What you need to do ->
Line by line, set down all the data below exactly, omitting any picture.

^^^^^^^^^^^^^^^^

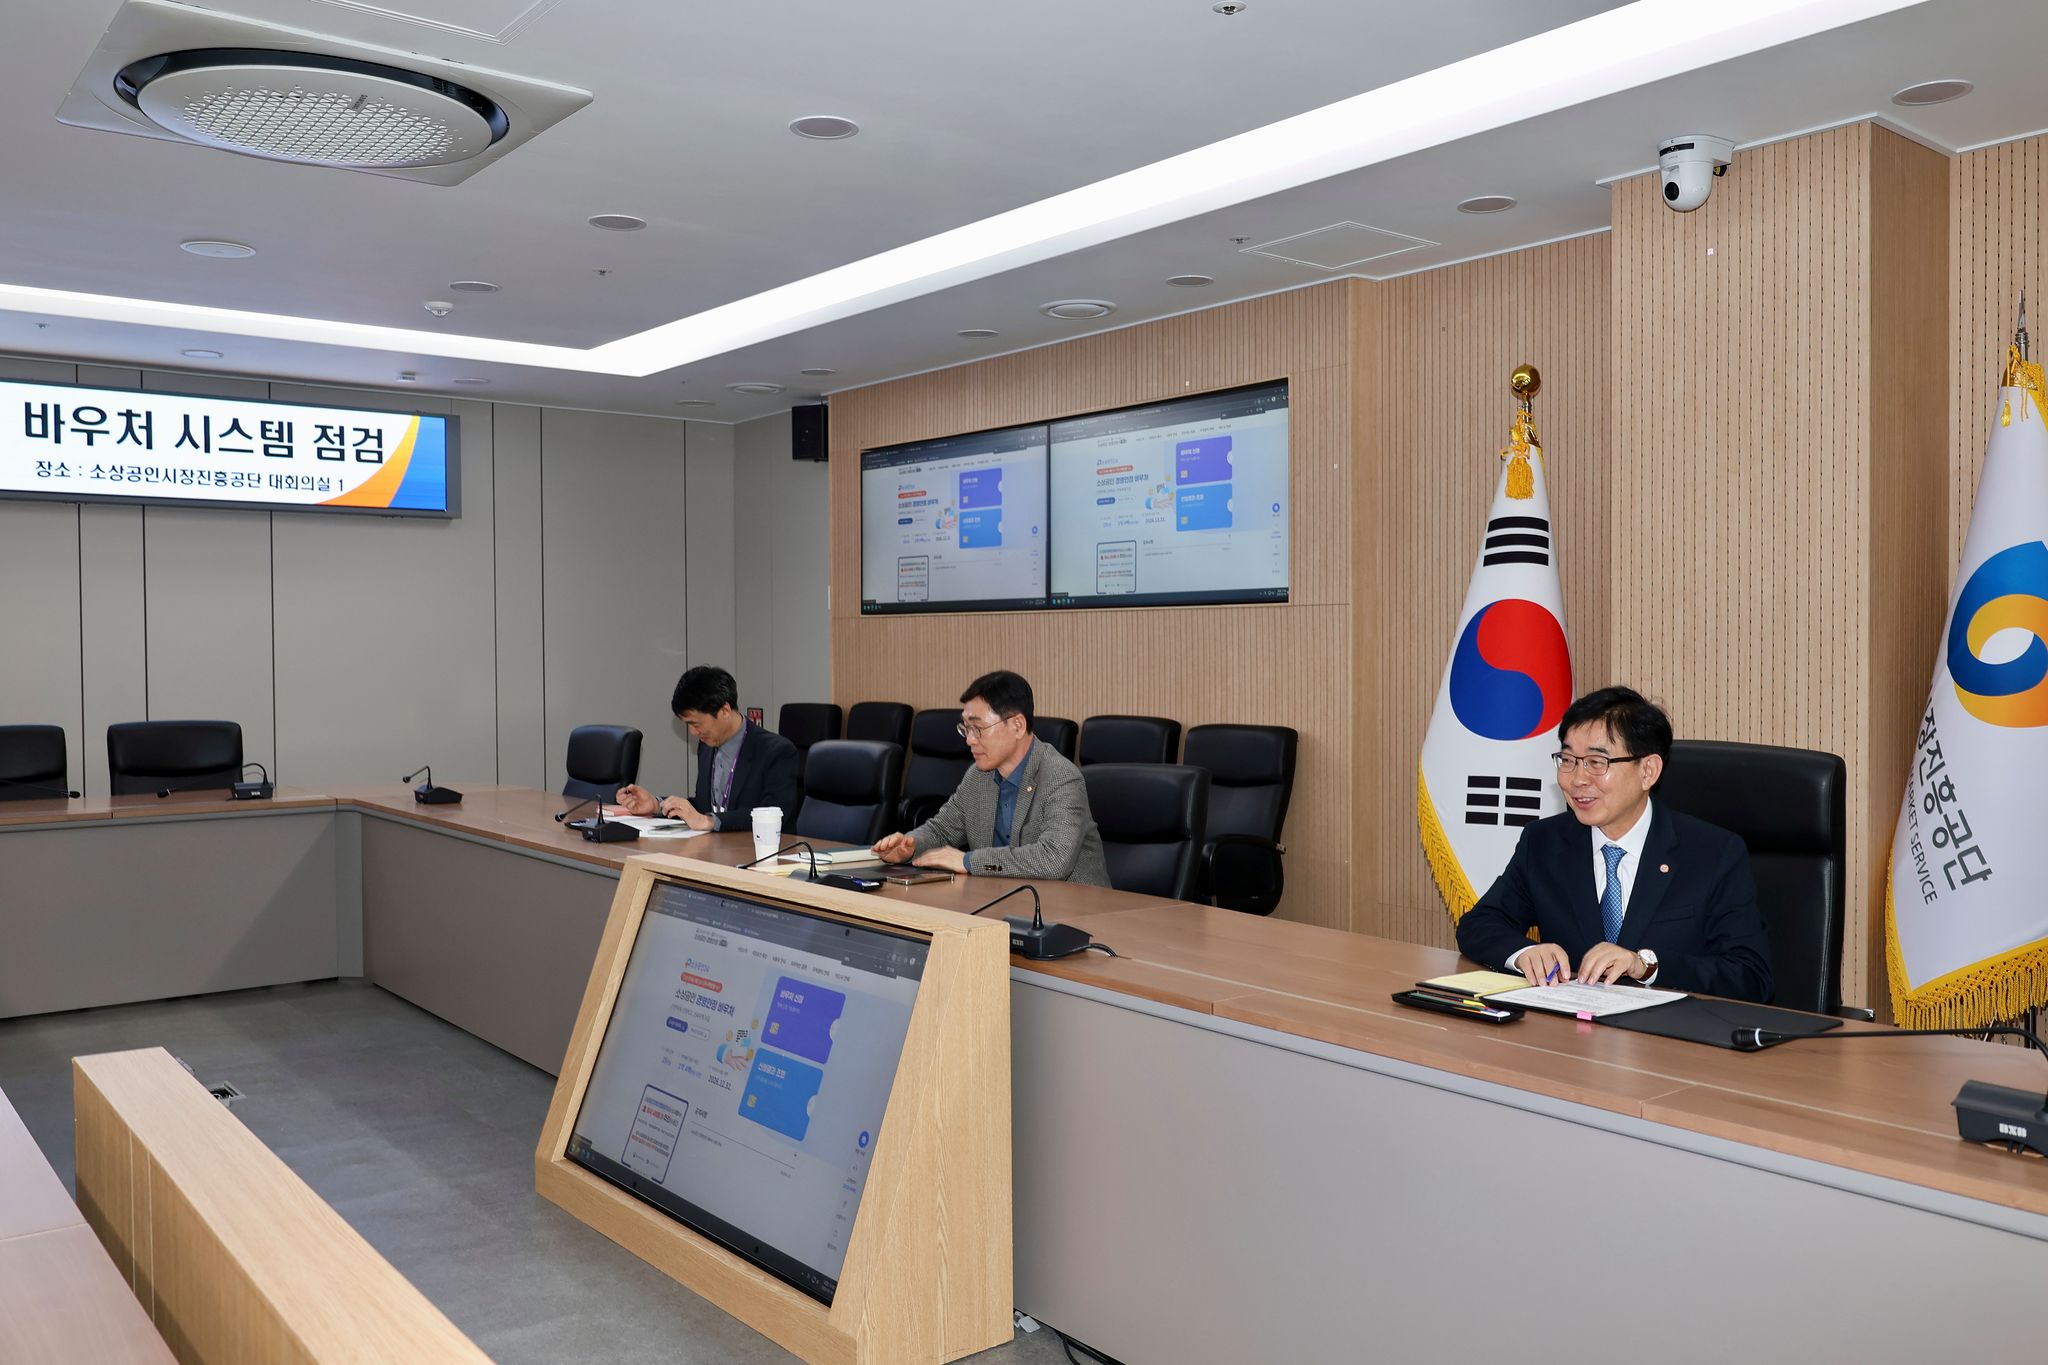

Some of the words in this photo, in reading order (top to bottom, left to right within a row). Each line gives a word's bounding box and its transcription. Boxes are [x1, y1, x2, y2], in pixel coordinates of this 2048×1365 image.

[24, 401, 154, 451] 바우처
[174, 413, 294, 459] 시스템
[313, 424, 385, 465] 점검
[35, 460, 71, 478] 장소
[90, 463, 262, 488] 소상공인시장진흥공단
[269, 473, 331, 492] 대회의실
[1918, 697, 1993, 891] 장진흥공단
[1910, 833, 1938, 905] SERVICE
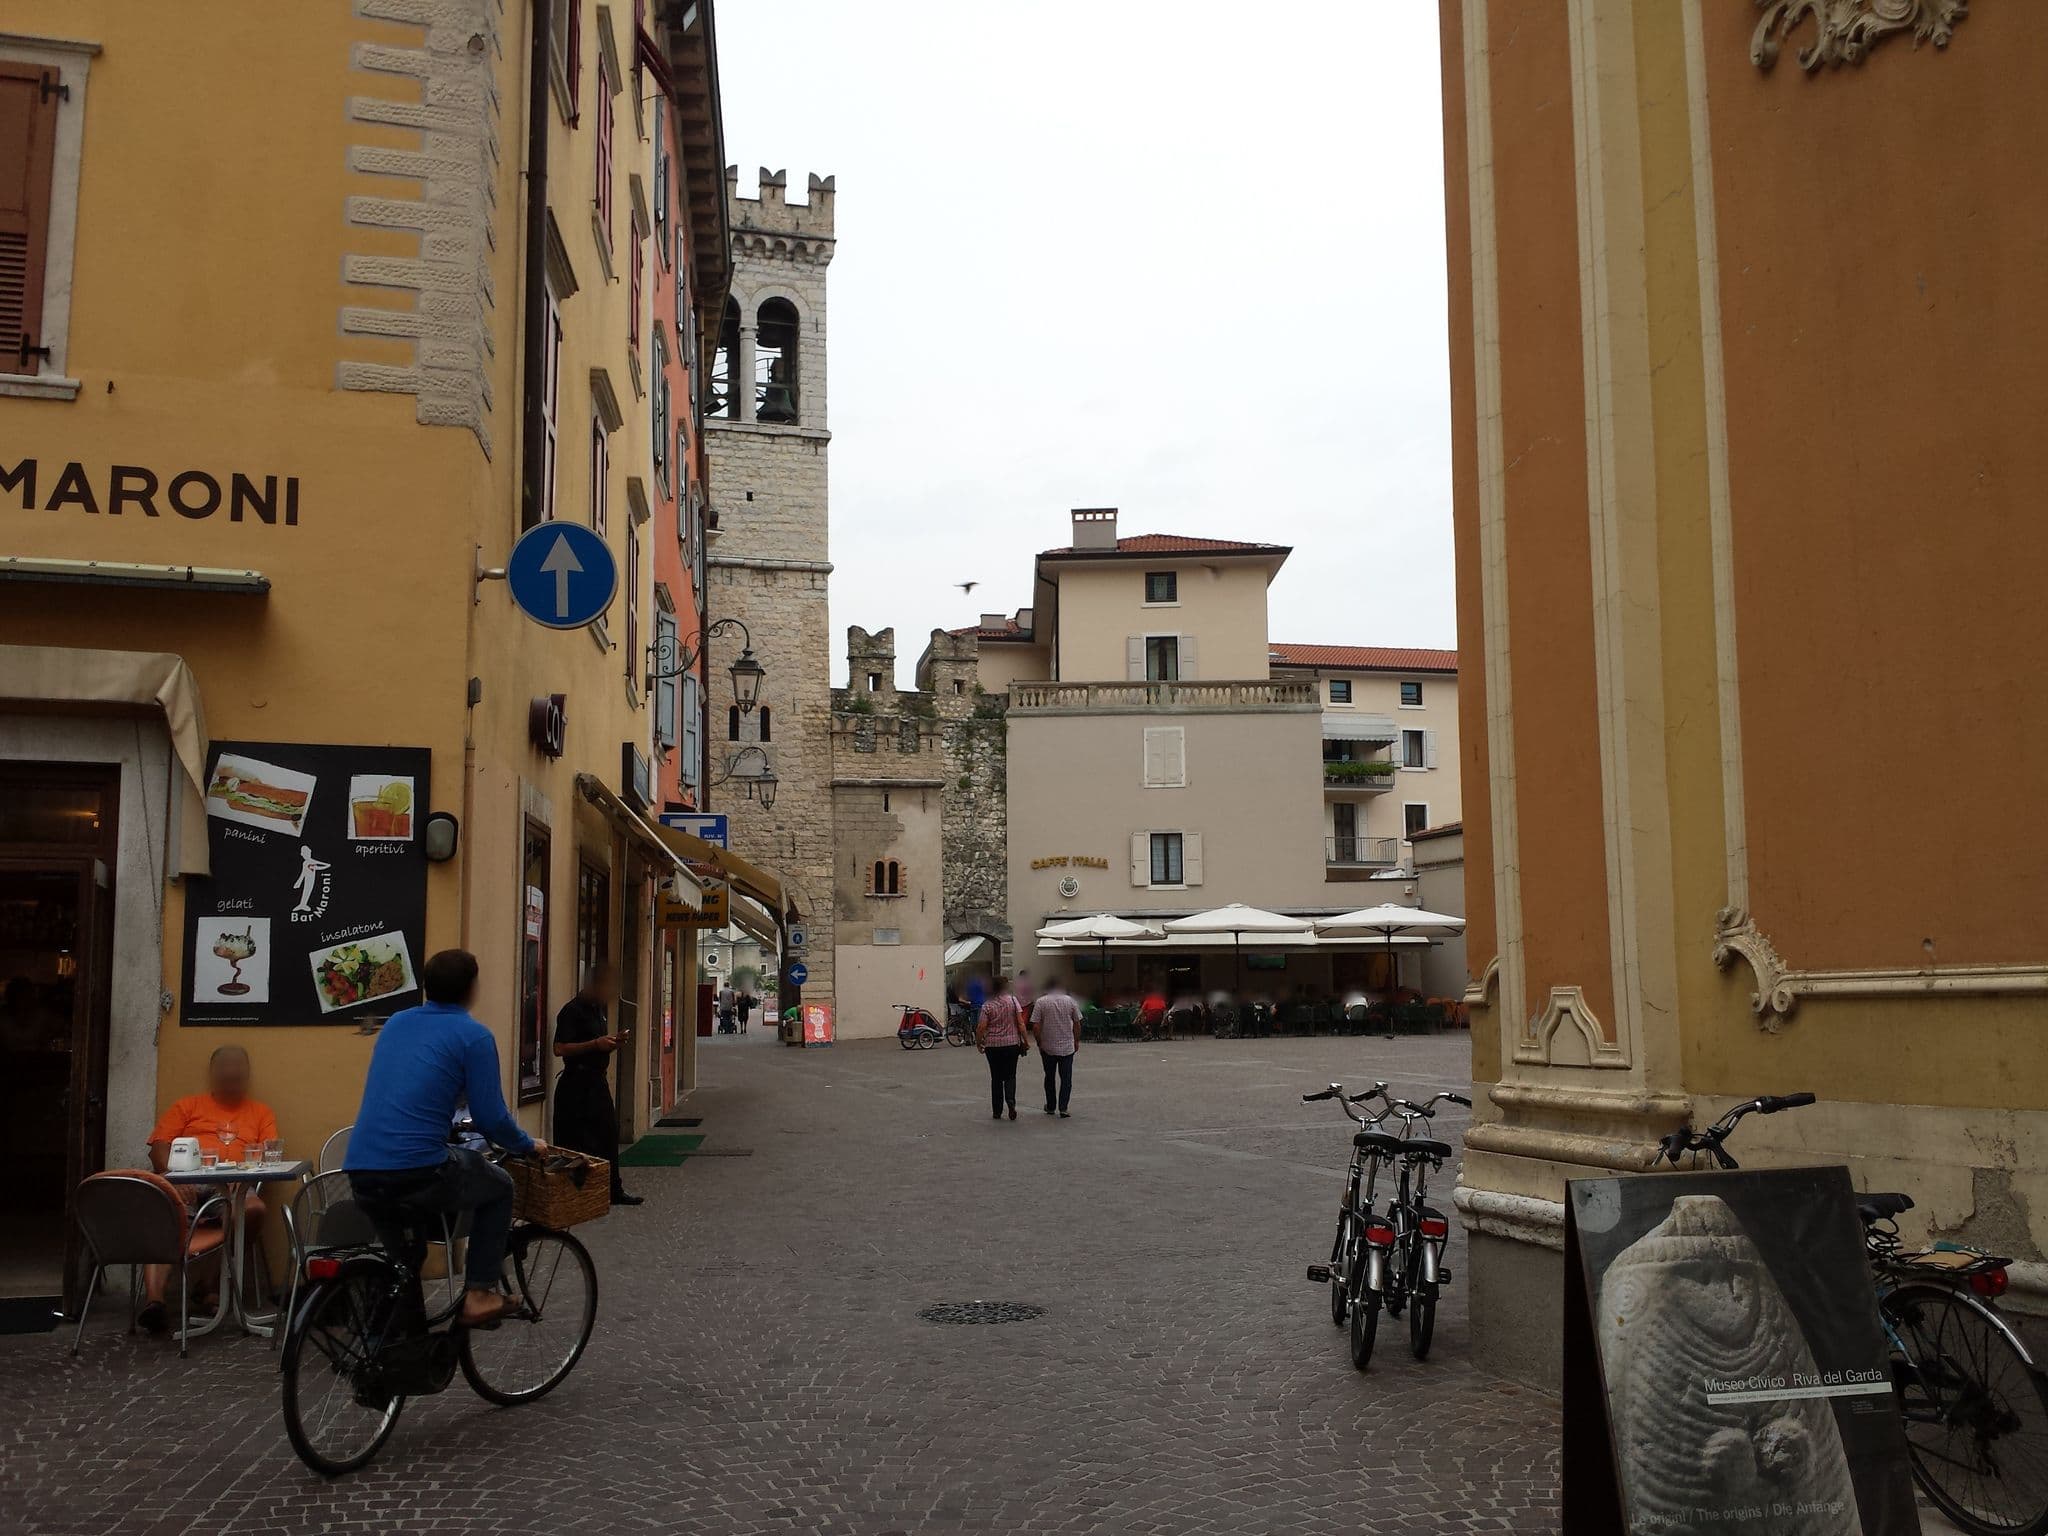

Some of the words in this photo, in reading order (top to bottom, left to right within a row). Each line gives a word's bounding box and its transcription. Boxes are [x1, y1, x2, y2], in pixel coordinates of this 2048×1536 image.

[0, 459, 299, 526] MARONI
[224, 827, 267, 844] panini
[355, 843, 406, 858] aperitivi
[1072, 856, 1108, 869] ITALIA
[217, 897, 254, 912] gelati
[290, 912, 314, 922] Bar
[313, 872, 332, 919] Maroni
[320, 920, 385, 943] insalatone
[1704, 1378, 1745, 1392] Museo
[1748, 1375, 1786, 1389] Civico
[1793, 1373, 1820, 1386] Riva
[1823, 1370, 1843, 1384] del
[1846, 1368, 1883, 1382] Garda
[1650, 1509, 1686, 1527] origini
[1696, 1508, 1719, 1521] The
[1723, 1504, 1762, 1521] origins
[1772, 1503, 1793, 1516] Die

^^^^^^^^^^^^^^^^

Result of this task ->
Some of the words in this photo, in reading order (top to bottom, left to right within a row). Each line gives a word's bounding box and its transcription. Boxes are [x1, y1, x2, y2], in pixel coordinates of this 2048×1365 image.

[24, 401, 154, 451] 바우처
[174, 413, 294, 459] 시스템
[313, 424, 385, 465] 점검
[35, 460, 71, 478] 장소
[90, 463, 262, 488] 소상공인시장진흥공단
[269, 473, 331, 492] 대회의실
[1918, 697, 1993, 891] 장진흥공단
[1910, 833, 1938, 905] SERVICE

Some of the words in this photo, in reading order (top to bottom, left to right within a row). Each line gives a word's bounding box and its transcription. Boxes are [x1, y1, x2, y2], in pixel coordinates of this 2048×1536 image.

[0, 459, 299, 526] MARONI
[224, 827, 267, 844] panini
[355, 843, 406, 858] aperitivi
[1072, 856, 1108, 869] ITALIA
[217, 897, 254, 912] gelati
[290, 912, 314, 922] Bar
[313, 872, 332, 919] Maroni
[320, 920, 385, 943] insalatone
[1704, 1378, 1745, 1392] Museo
[1748, 1375, 1786, 1389] Civico
[1793, 1373, 1820, 1386] Riva
[1823, 1370, 1843, 1384] del
[1846, 1368, 1883, 1382] Garda
[1650, 1509, 1686, 1527] origini
[1696, 1508, 1719, 1521] The
[1723, 1504, 1762, 1521] origins
[1772, 1503, 1793, 1516] Die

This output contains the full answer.